A 384-tip pipetting head transfers substances to 384-well and 1536-well microtitre plates (Photo: Nycomed GmbH)

How many assays can be screened?

In general, the more complex an assay, the greater the probability that the number of potential assay points decreases. For example, if the robot-assisted main screening involves primary cells, the cell culture supplying the cells might turn out to be the limiting factor in this process. The same is true for the incubation time required or the number of additions, e.g., another compound and reagents or additional buffer solutions. This is not so in standard screening processes, which means that complex assays require a much high number of robotic runs. If a pharmacologically important, but complex and time-consuming model is chosen, then a slower speed is selected. This leads to higher data quality because additional important parameters can be tested. In general, the throughput has increased considerably over the last few years through the miniaturisation of the assays to as little as five to eight microlitres per assay point.
View into a lab with a screening facility in the background.
Nycomed’s compact, modular screening facility, which also involves the transportation of microtitre plates on a rail system (Photo: Nycomed GmbH)

Which drugs are tested for their interaction?

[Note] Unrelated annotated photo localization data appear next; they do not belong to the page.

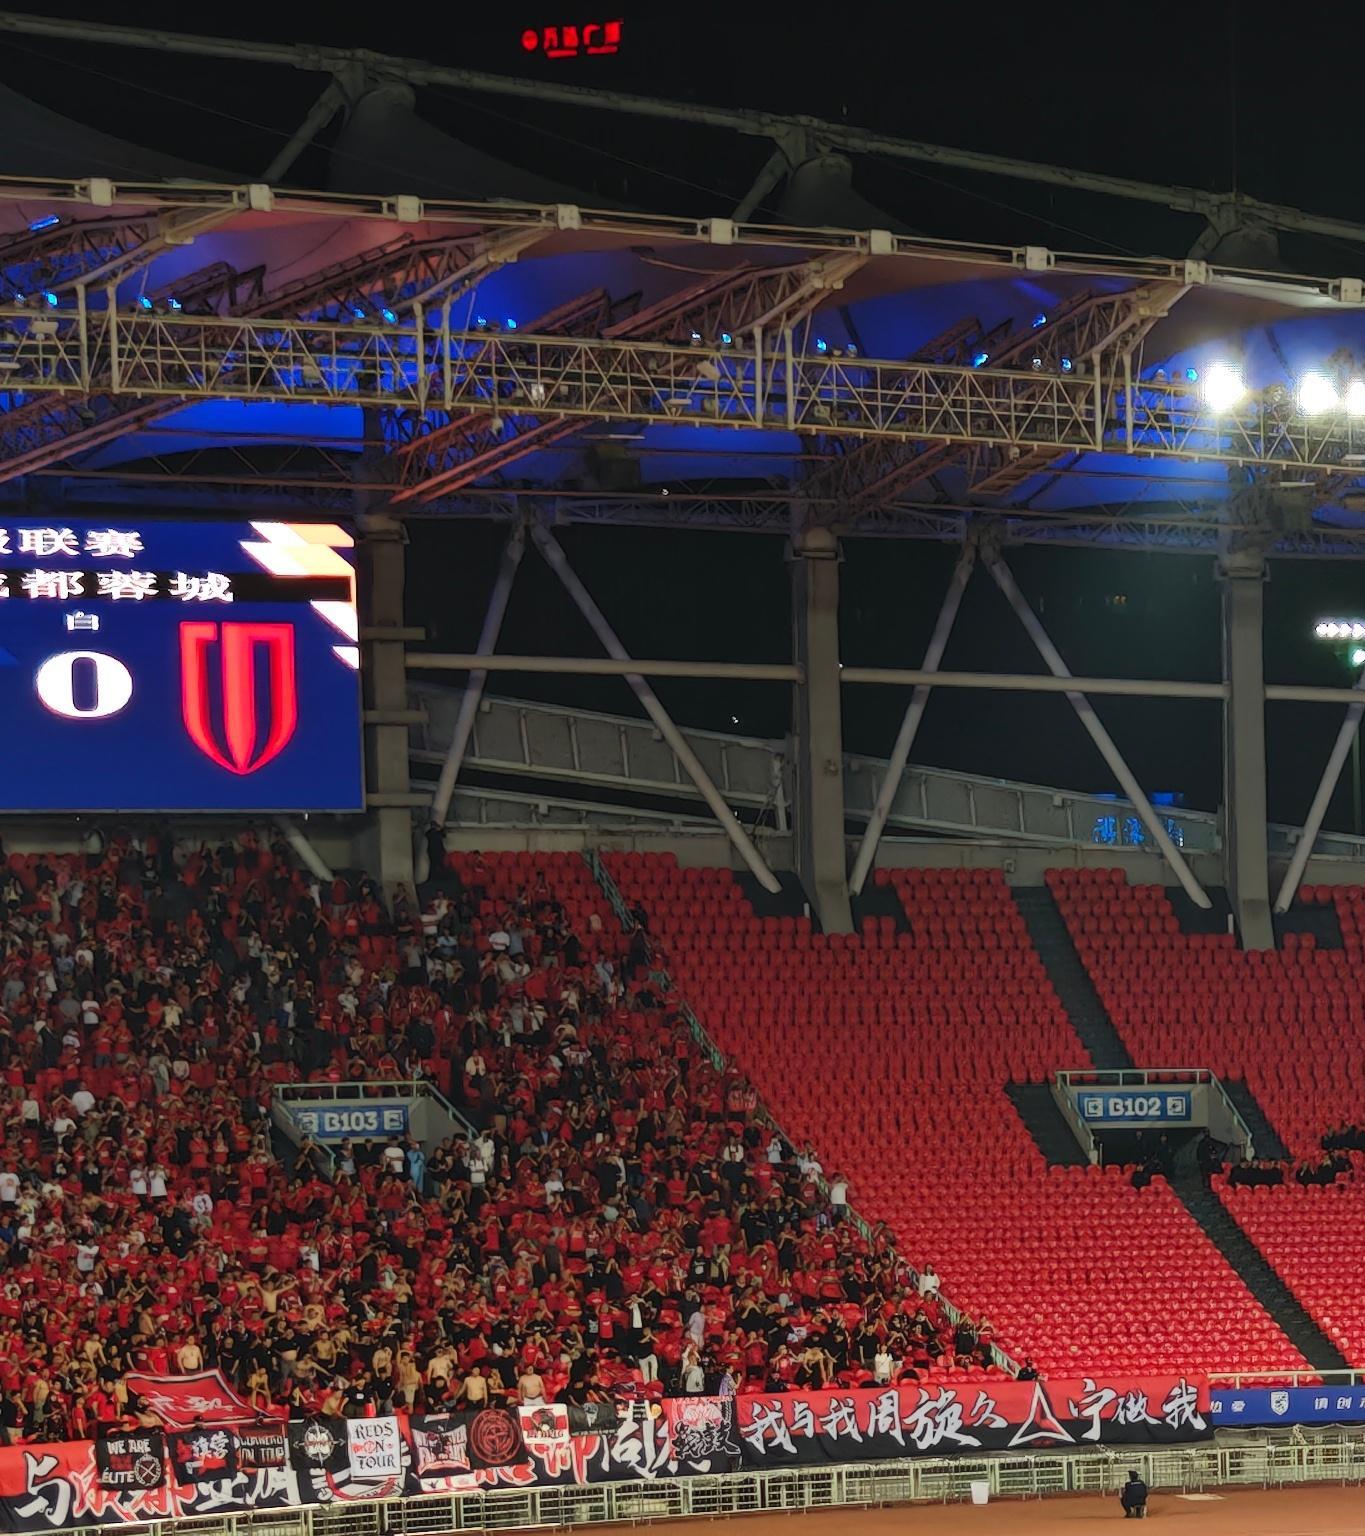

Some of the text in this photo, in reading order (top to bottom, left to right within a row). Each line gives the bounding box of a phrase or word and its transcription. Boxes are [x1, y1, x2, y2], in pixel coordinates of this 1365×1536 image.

[0, 569, 234, 602] 都蓉城
[36, 650, 134, 718] 0
[1109, 1097, 1161, 1117] B102
[354, 1422, 394, 1437] REDS
[357, 1455, 396, 1470] TOUR

Normally the screening focuses on the functional properties of the targets; this means, pure binding assays are unusual and are only used for drug profiling. The main screening involves all common test formats, including enzyme tests, cellular tests, including reporter gene-based as well ion channel tests. It is important that the targets that are to be screened can be transferred into a measurable detection format for which we use common methods, i.e. microtitre plate readers for measuring absorption, different fluorescence methods, luminescence, confocal microscopy up to 1536-well formats, but also radioactive screening. In general, our high-throughput screening involves 384-well or 1536-well microtitre plates.

Why do you carry out secondary screening? Can this be used to clarify additional questions, for example those on the solubility of substances or whether the substances bind to other parts of the cells?

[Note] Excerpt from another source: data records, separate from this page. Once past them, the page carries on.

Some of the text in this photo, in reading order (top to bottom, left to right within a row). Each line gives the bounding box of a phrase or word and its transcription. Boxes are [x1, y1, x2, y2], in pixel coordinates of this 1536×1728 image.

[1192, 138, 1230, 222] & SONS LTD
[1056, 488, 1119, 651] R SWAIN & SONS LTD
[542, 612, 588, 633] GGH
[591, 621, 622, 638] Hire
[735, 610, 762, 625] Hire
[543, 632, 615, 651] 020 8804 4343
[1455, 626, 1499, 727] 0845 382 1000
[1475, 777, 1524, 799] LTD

Secondary screening, which is also fully automated, involves the dose-dependent screening of drug effects. We collect information on whether the hits of the primary screening have undesired side effects on related targets, which would make them unsuitable for further processing. Routine investigations also collect information on initial ADME category parameters such as absorption, distribution, metabolism, elimination. Hit evaluation also includes solubility and permeability screening as well as data from toxicological assays. This type of screening also assesses the metabolic stability of drugs and their interaction with cytochromes in order to guarantee the highest possible quality of lead structures and allow medical chemists to make initial prioritisations on the basis of a far more complex drug profile than was possible a few years ago. All assays are carried out under standard conditions and are highly automated. Suitable quality control measures provide information on the course of the screening and the results will only be made available upon the positive evaluation of the process.

Are there situations that require manual experiments rather than automation?

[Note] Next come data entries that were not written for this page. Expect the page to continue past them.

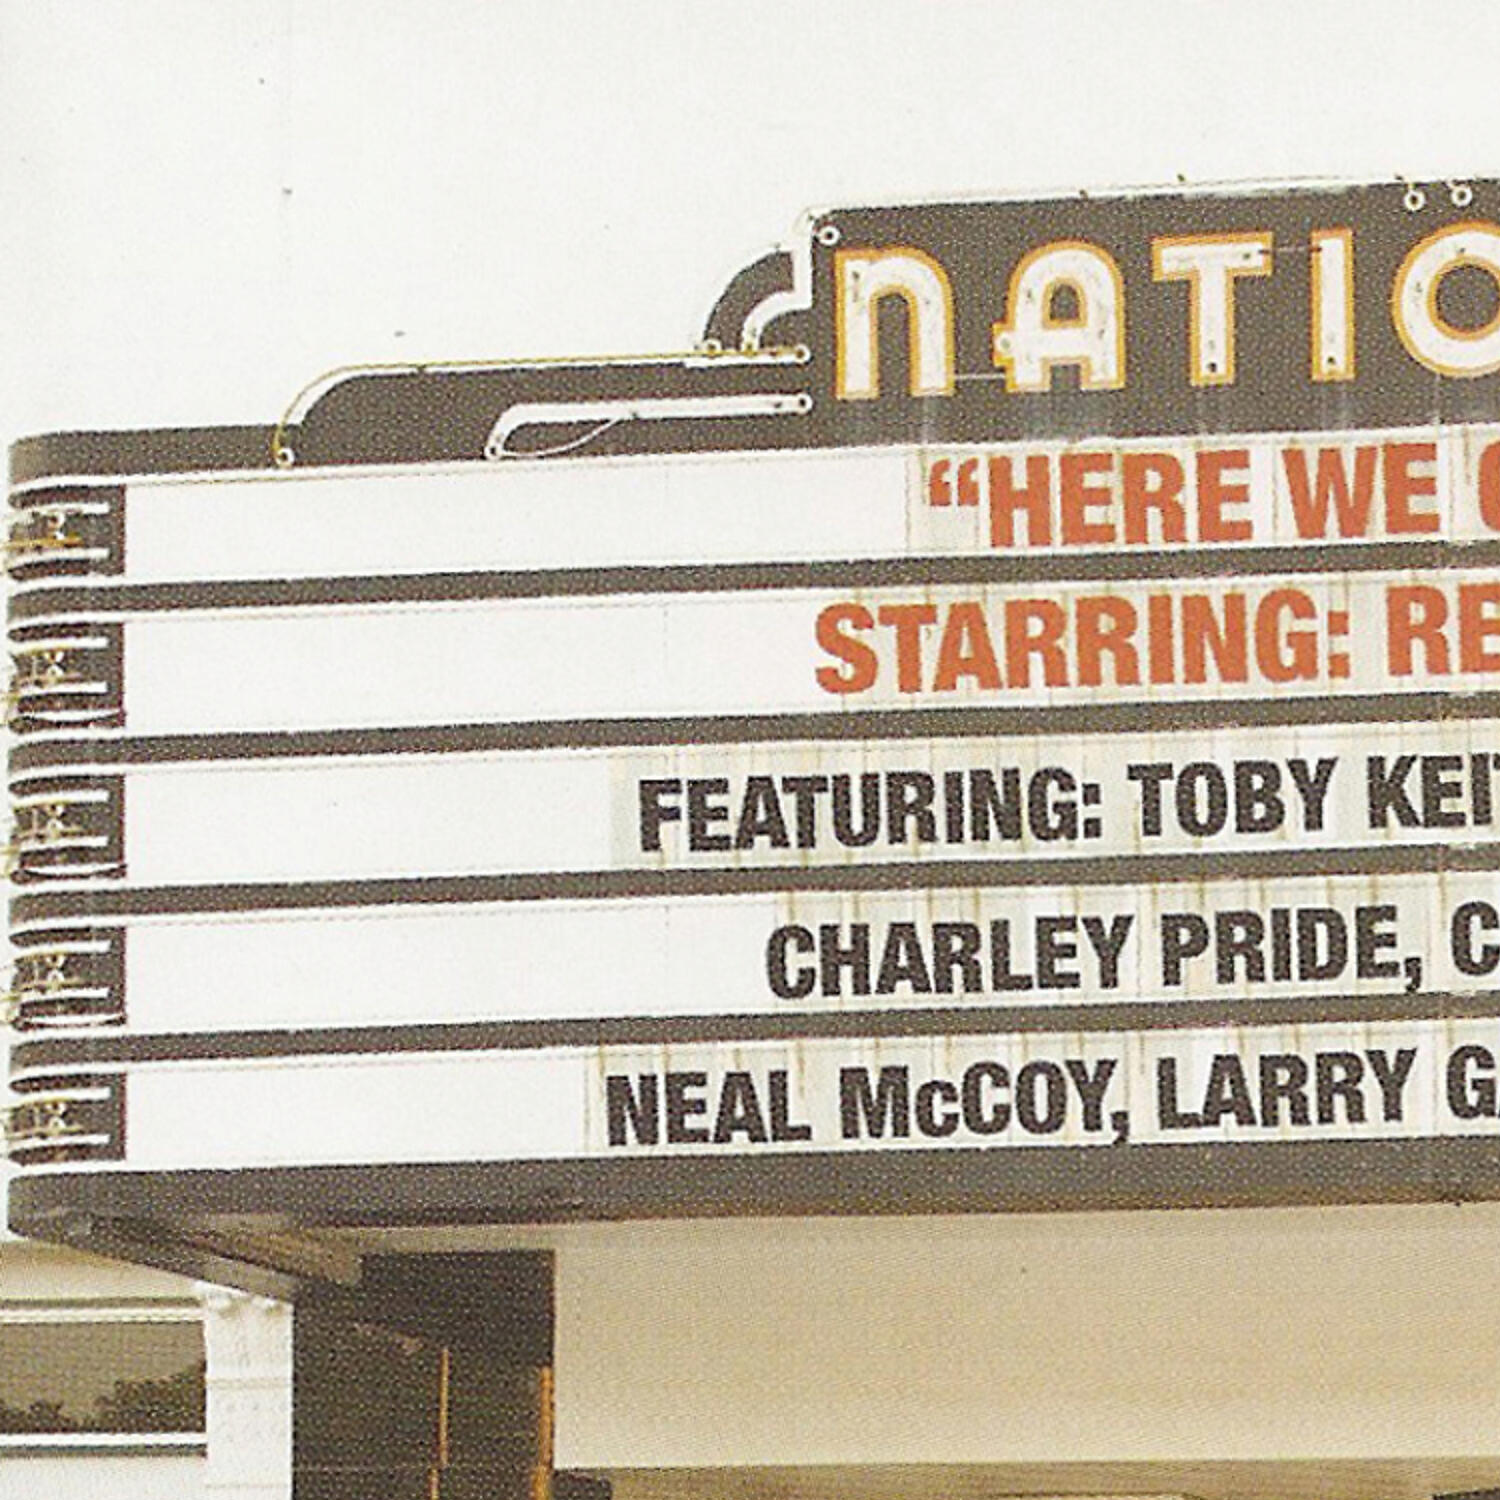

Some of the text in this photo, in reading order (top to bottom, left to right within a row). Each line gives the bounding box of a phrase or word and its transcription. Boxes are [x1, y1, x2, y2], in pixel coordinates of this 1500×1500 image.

[1283, 442, 1440, 539] WE
[817, 589, 1350, 694] STARRING:
[639, 767, 1102, 852] FEATURING:
[1127, 757, 1338, 837] TOBY
[767, 915, 1134, 1000] CHARLEY
[1161, 905, 1423, 993] PRIDE,
[606, 1070, 812, 1147] NEAL
[839, 1059, 1131, 1147] McCOY,
[1157, 1048, 1417, 1130] LARRY

This is the case in more complex test systems, which cannot be transferred into a microtitre plate-based, robot-suitable format and which must be carried out with far smaller amounts of reagents and test substances. The decision on whether automated or manual screening is used depends on a variety of factors.
Background: Dr. Stefanie Polej studied biochemistry at the University and Medical School in Hanover, Germany. She did her doctorate at the Max Planck Institute for Biophysics in Frankfurt and then worked in pharmaceutical research as the laboratory head at Bayer AG’s Institute of Molecular Screening Technology before accepting a position at ALTANA Pharma. Following the acquisition of ALTANA through Nycomed, Dr. Polej now works in the company’s Early Discovery department.